I know that for decades I came across to people as impulsive or unpredictable. That’s only because I was impulsive and unpredictable. Looking back now with the pieces filling in some of those gaps, it makes sense how we would stop having intense feelings for someone like shutting off a… that’s right… SWITCH. I spent so much time in a confused fog, not understanding certain things. For example, why couldn’t I remember anything about a relationship that I had just gotten out of or why someone would know things about me, but I’d have no idea who they even were? That kind of shit helps contribute to feeling like you’re crazy. We were all so desperate for anyone to hear or see us. We had no idea what was going on, what we had done that made someone mad.
When another person's energy changes around you, trauma causes you to search the whole confines of your brain, actions, thoughts, feelings, words, and numbered breaths. We can feel energy shifts amongst people, and when it shifts to a negative energy, regardless of the reason, it signals that something terrible is about to happen. That signal sets off alarms in our system that someone young is triggered. That triggered alarm causes someone to run from wherever they are in the headspace to the Front room to see if it’s their job to handle it. That chaos confuses trying to determine, person by person, who ‘caused’ that other person to get upset. Because by this point, that’s what it comes down to: we have done something to make them mad but don’t know what. The only certainty is that it must be something because why else would someone be mad? Plus, in our vast experience, when someone is angry it usually was something that one of us had done that was against the character that the person thought they were getting. They’d sign up for Minnie Mouse and be disgruntled when they got the Tasmanian Devil. Even if it was something that Minnie should have never had to accept and Taz was trying to protect her from.

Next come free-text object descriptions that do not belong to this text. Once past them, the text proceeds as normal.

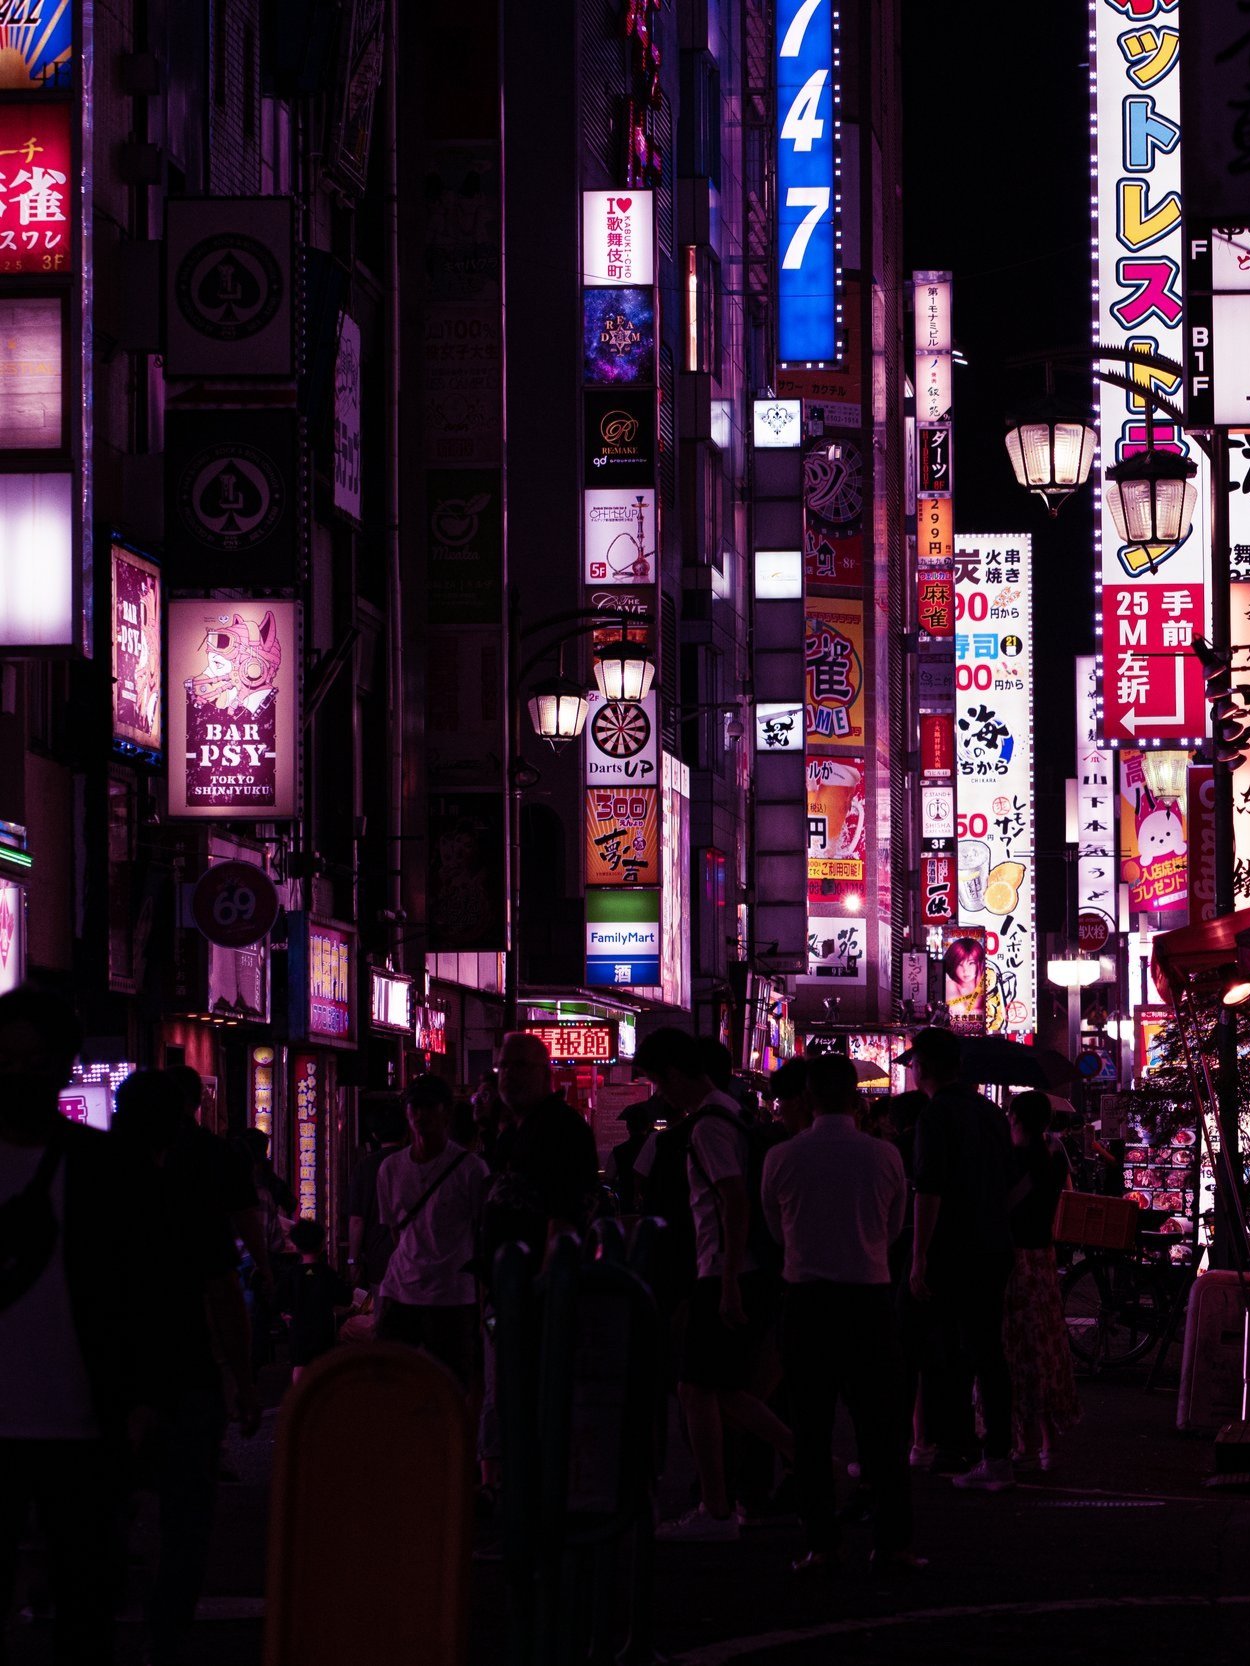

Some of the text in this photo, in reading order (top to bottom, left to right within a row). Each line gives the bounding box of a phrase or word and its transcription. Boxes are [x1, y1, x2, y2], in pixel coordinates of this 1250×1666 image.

[0, 166, 67, 226] 雀
[607, 216, 624, 280] 歌舞伎町
[624, 215, 632, 279] KABUKI-CHO
[42, 254, 64, 270] 3F
[927, 287, 940, 348] 第1モナミビル
[931, 430, 948, 479] ダーツ
[928, 498, 942, 555] 299円
[591, 563, 606, 577] 5F
[122, 601, 137, 624] BAR
[920, 582, 951, 629] 麻雀
[990, 607, 1020, 620] 円から
[1161, 590, 1193, 647] 手前
[1005, 635, 1018, 646] 21
[994, 679, 1024, 691] 円から
[589, 693, 600, 702] 2F
[205, 723, 261, 741] BAR
[199, 744, 268, 767] PSY
[974, 747, 986, 758] の
[589, 762, 623, 774] Darts
[960, 760, 1009, 776] ちから
[210, 775, 255, 785] TOKYO
[194, 786, 271, 796] SHINJYUKU
[596, 793, 647, 820] 300
[1011, 794, 1027, 838] レモン
[931, 839, 946, 850] 3F
[987, 833, 995, 841] 円
[212, 887, 257, 926] 69
[591, 932, 655, 945] FamilyMart
[614, 964, 632, 983] 酒

Trying to retrain your brain not to do something that is a lifelong habit is challenging. But when you have D.I.D., it’s not only a matter of over-thinking. It’s a matter of several people in one confined headspace overthinking simultaneously. On the outside, this all tends to come across as me looking “timid,” “in trouble,” or “agitated,” primarily if we can’t determine the reason. We then will go into the next phase of testing the waters to see if it’s personal to us. Based on the energy and response received, determine how much further discussion and thought needs to go into fixing it. Because, after all, we need to kiss the feet of anyone who can stomach to be with us longer than a month. And while that may be true in some cases, we also have a lot to offer; we didn’t ask to have a fucked up brain, and we are wildly talented, compassionate, fun individuals once the fear subsides. Is it worth it to be in a relationship with us? Who knows. Ask my husband because he’s doing it every day without giving up. On the hard days especially, for this, I am grateful.
Be kind to those you meet. You never know what battle they’re having to fight today.